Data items

▼

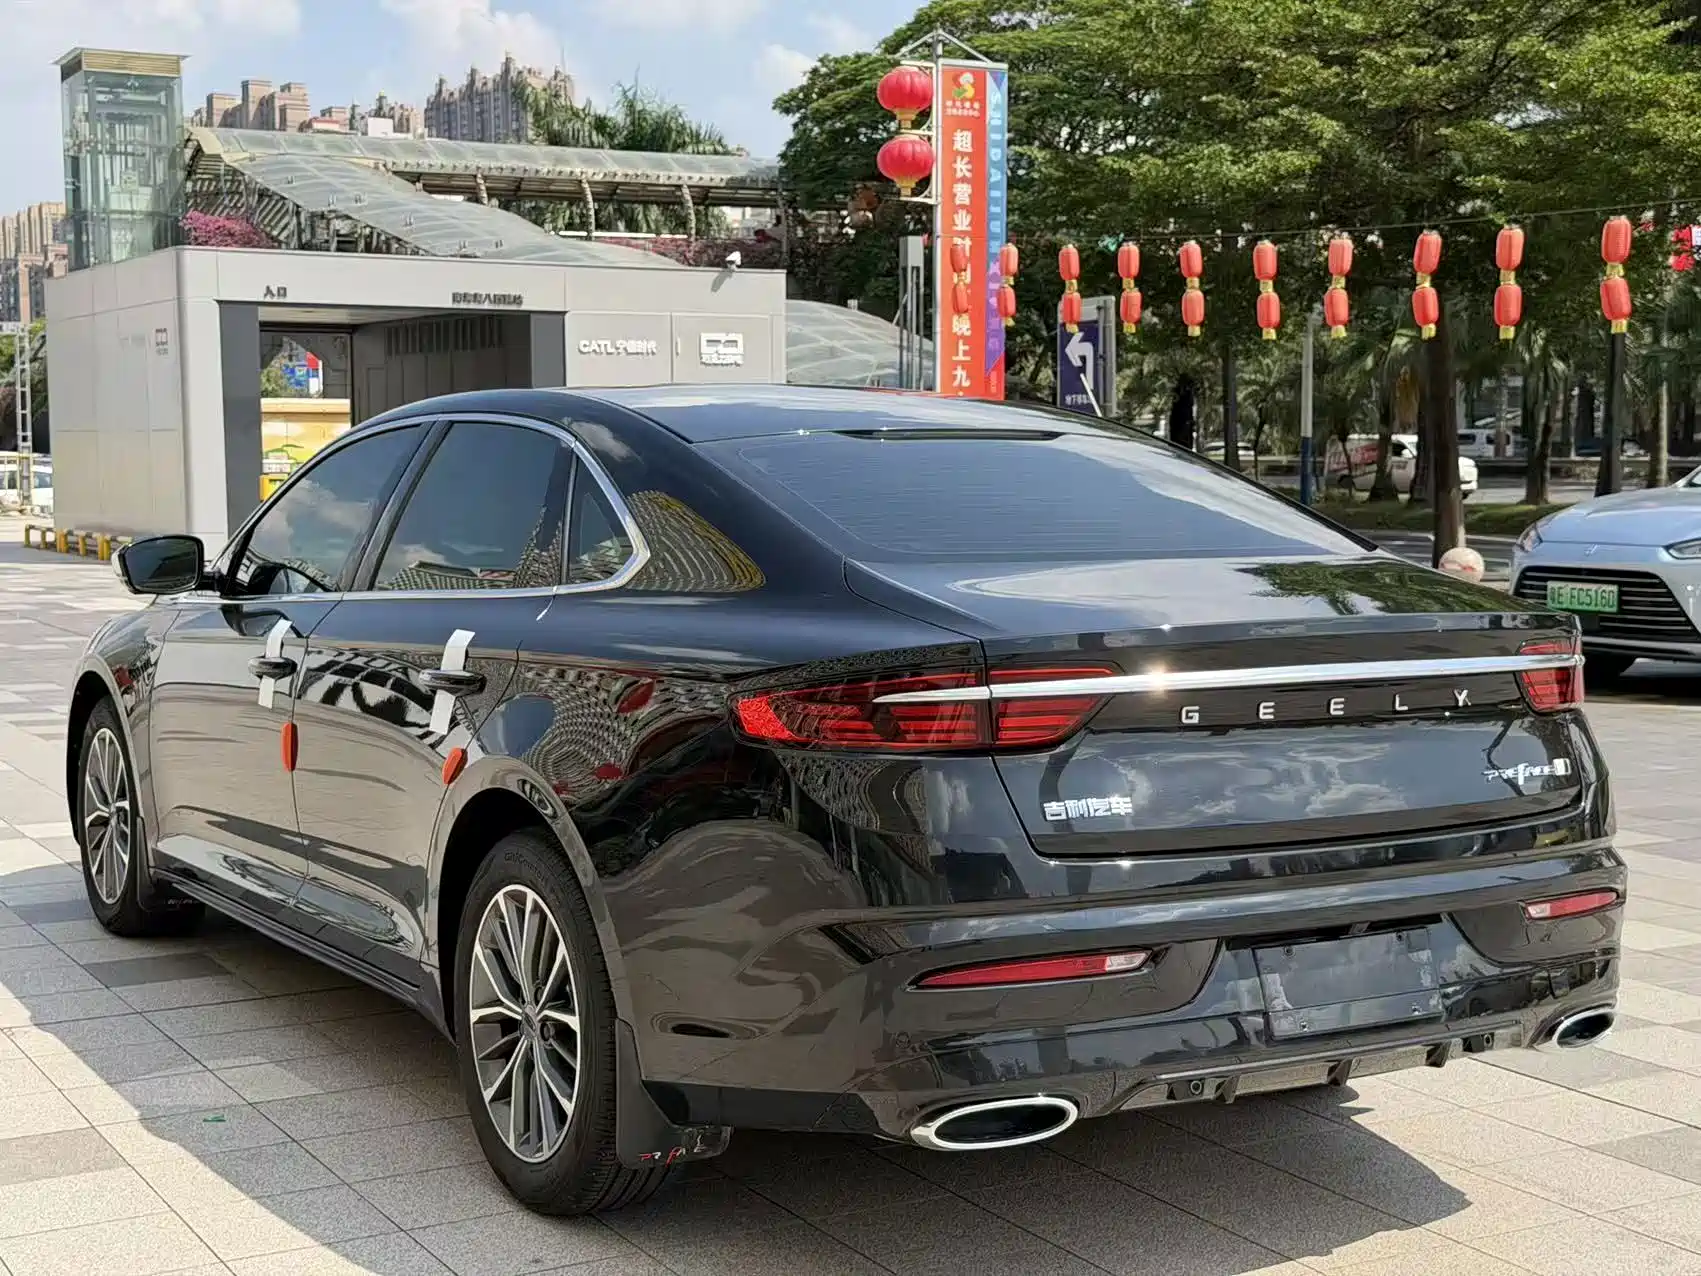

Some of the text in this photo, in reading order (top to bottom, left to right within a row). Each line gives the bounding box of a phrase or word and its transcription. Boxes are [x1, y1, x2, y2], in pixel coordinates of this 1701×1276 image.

[579, 339, 615, 354] CATL
[1180, 689, 1471, 724] GEELY
[1043, 796, 1133, 821] 吉利汽车
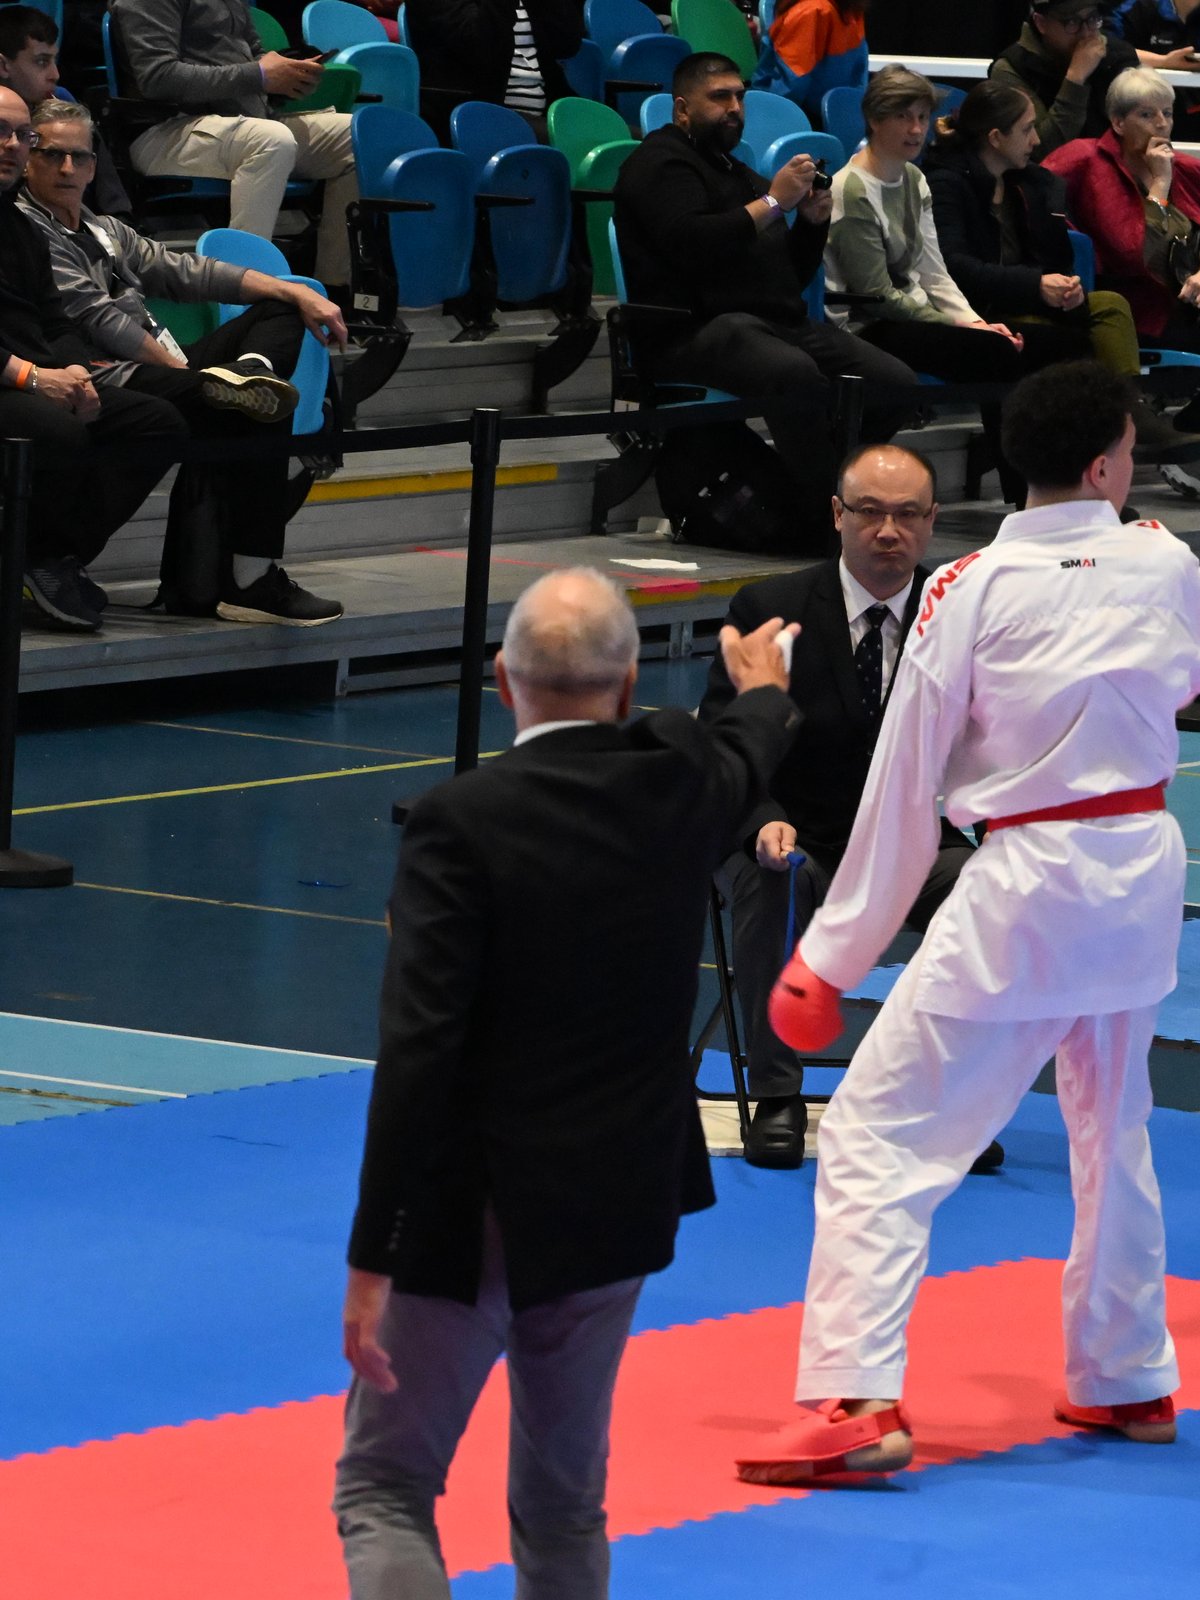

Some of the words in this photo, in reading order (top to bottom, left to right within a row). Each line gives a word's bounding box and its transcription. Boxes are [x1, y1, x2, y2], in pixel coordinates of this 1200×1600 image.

[362, 296, 370, 309] 2
[1060, 558, 1096, 569] SMAI
[917, 552, 981, 638] SMAI
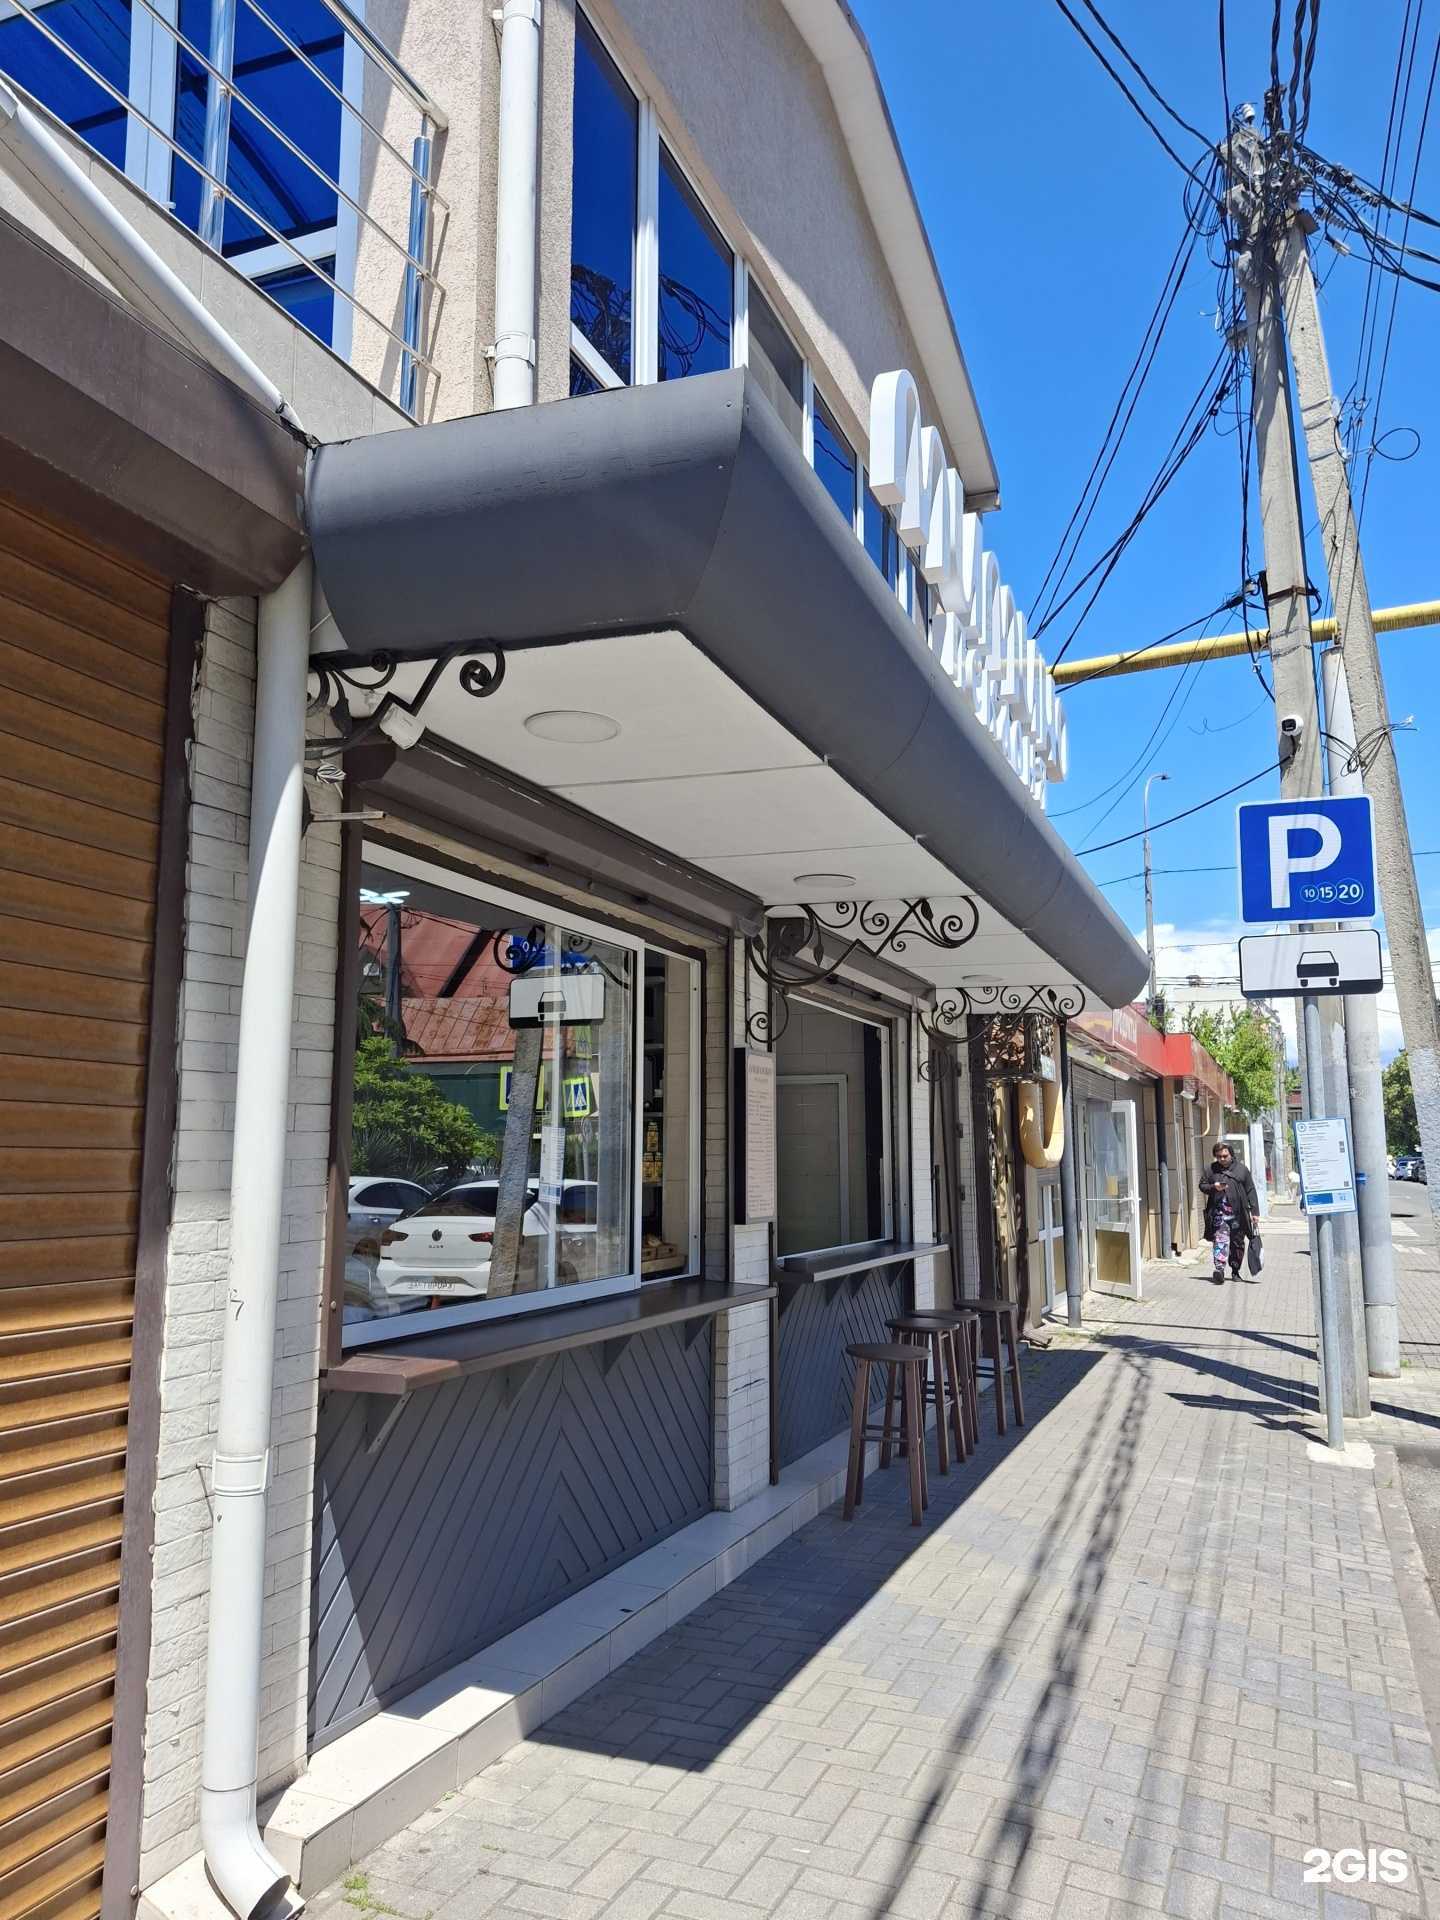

▲

**To do**
Each record above must be returned exactly as written, with its pictures omitted.

**Finished task**
Some of the text in this photo, in reading order (top to bottom, left to right within a row). Each line gives the bounding box of a phrase or word and its transcription. Boxes are [x1, y1, x2, y2], in pixel coordinates of this 1701×1276 image.

[579, 339, 615, 354] CATL
[1180, 689, 1471, 724] GEELY
[1043, 796, 1133, 821] 吉利汽车

Some of the words in this photo, in reading order (top to bottom, left to right within a row). Each line gives a word's bounding box and its transcription. Boxes are [x1, y1, x2, y2], in pixel coordinates of this 1200×1600 image.

[362, 296, 370, 309] 2
[1060, 558, 1096, 569] SMAI
[917, 552, 981, 638] SMAI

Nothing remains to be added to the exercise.